Modeling Growth Kinetics of Cytotoxic T Lymphocytes for Cancer Immunotherapy in a High-Density Novel Centrifugal Bioreactor System

Primary author: Brenden Fraser-Hevlin
Co-author(s): Kitana Kaiphanliam; Bernard Van Wie
Faculty sponsor: Dr. Bernard Van Wie

Primary college/unit: Voiland College of Engineering and Architecture
Campus: Pullman


Cancer is the second leading cause of death in the United States and worldwide. Traditional cancer treatments such as chemotherapy, radiation, and surgery are designed to destroy cancer cells but often attack healthy tissue in the process. In immunotherapy, immune cells such as cytotoxic T lymphocytes (CTLs) are extracted, modified, expanded in a bioreactor, and transferred into a patient—this is known as adoptive cell therapy (ACT). There is a need for ACT-based treatments that are widely accessible, scalable, and relatively inexpensive.
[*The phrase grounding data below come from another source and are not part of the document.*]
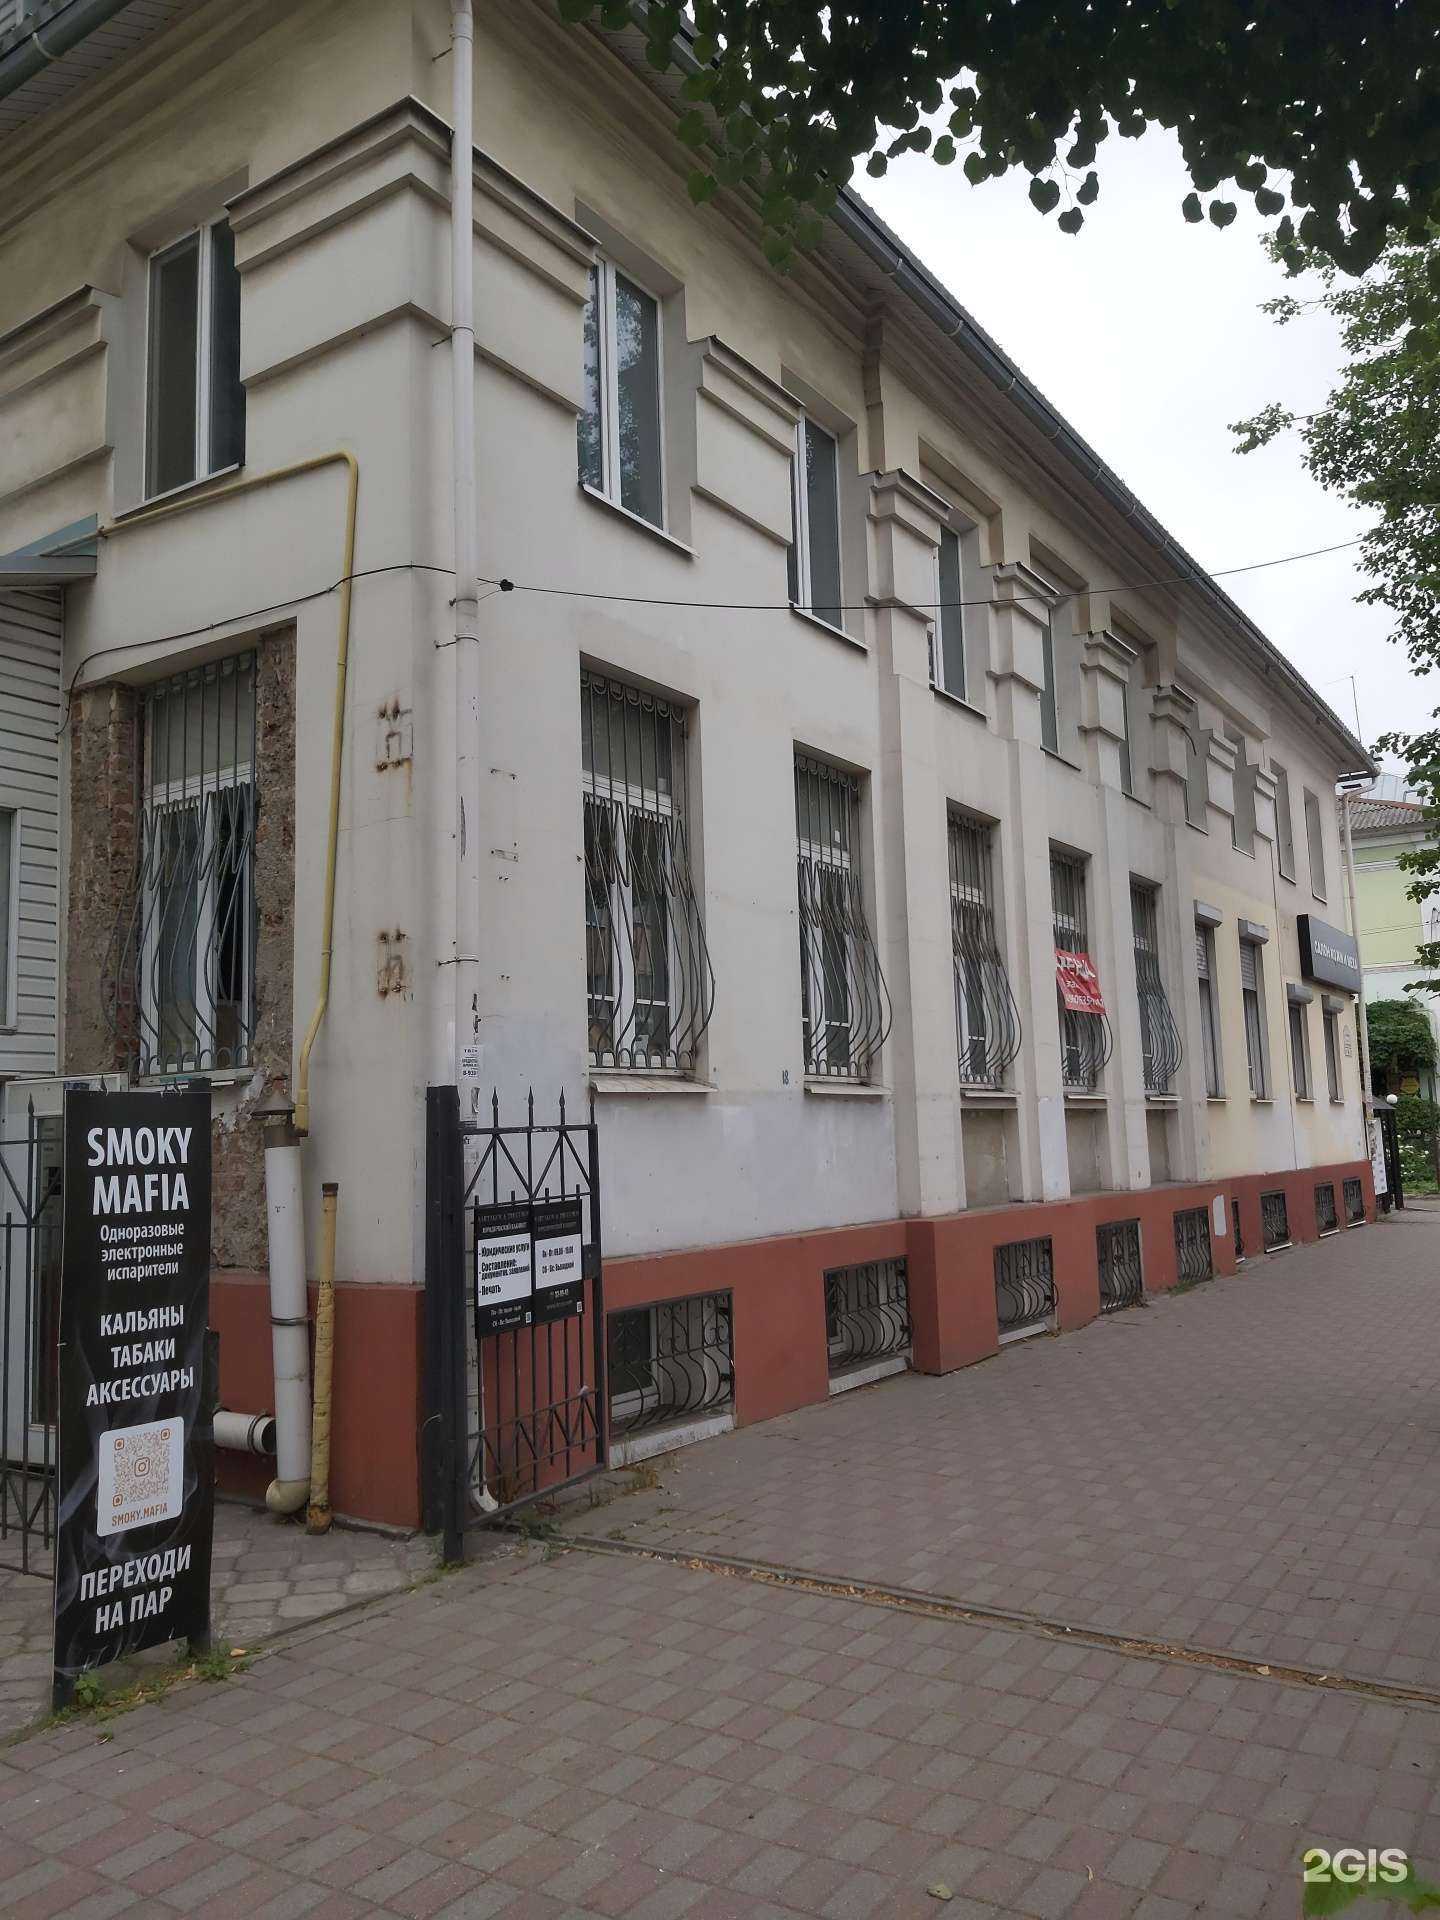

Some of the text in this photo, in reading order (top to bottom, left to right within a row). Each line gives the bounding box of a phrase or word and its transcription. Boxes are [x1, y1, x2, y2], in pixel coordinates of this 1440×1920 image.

[87, 1127, 192, 1167] SMOKY
[92, 1173, 190, 1215] MAFIA
[100, 1222, 185, 1243] Одноразовые
[101, 1242, 184, 1262] электронные
[107, 1262, 179, 1282] испарители
[100, 1305, 184, 1336] КАЛЬЯНЫ
[111, 1338, 175, 1368] ТАБАКИ
[86, 1366, 194, 1407] АКСЕССУАРЫ
[112, 1503, 167, 1526] SMOKY.MAFIA
[80, 1544, 191, 1601] ПЕРЕХОДИ
[95, 1586, 173, 1634] НА ПАР
To address this need, our lab recently developed a high-density, lab-scale centrifugal bioreactor (CBR) which can rapidly expand infected CD8+ T cells from a bovine model. In this study, we aimed to optimize CTL growth by determining kinetic growth parameters based on the levels of glucose and inhibitory metabolites in the culture. It is hypothesized that if we can develop a reliable kinetic growth model, then it will be possible to predict optimal CTL expansion parameters for the bioreactor. Early kinetic studies were performed last fall in which six different glucose concentrations were tested, giving a maximum specific growth rate of 0.0112 1/h and a Monod constant of 2.12 mg glucose/dL. The experiments were repeated recently with different glucose concentrations and the results from those studies will be presented. The optimization of this bioreactor will have a major impact on the availability and efficiency of patient-specific immunotherapy.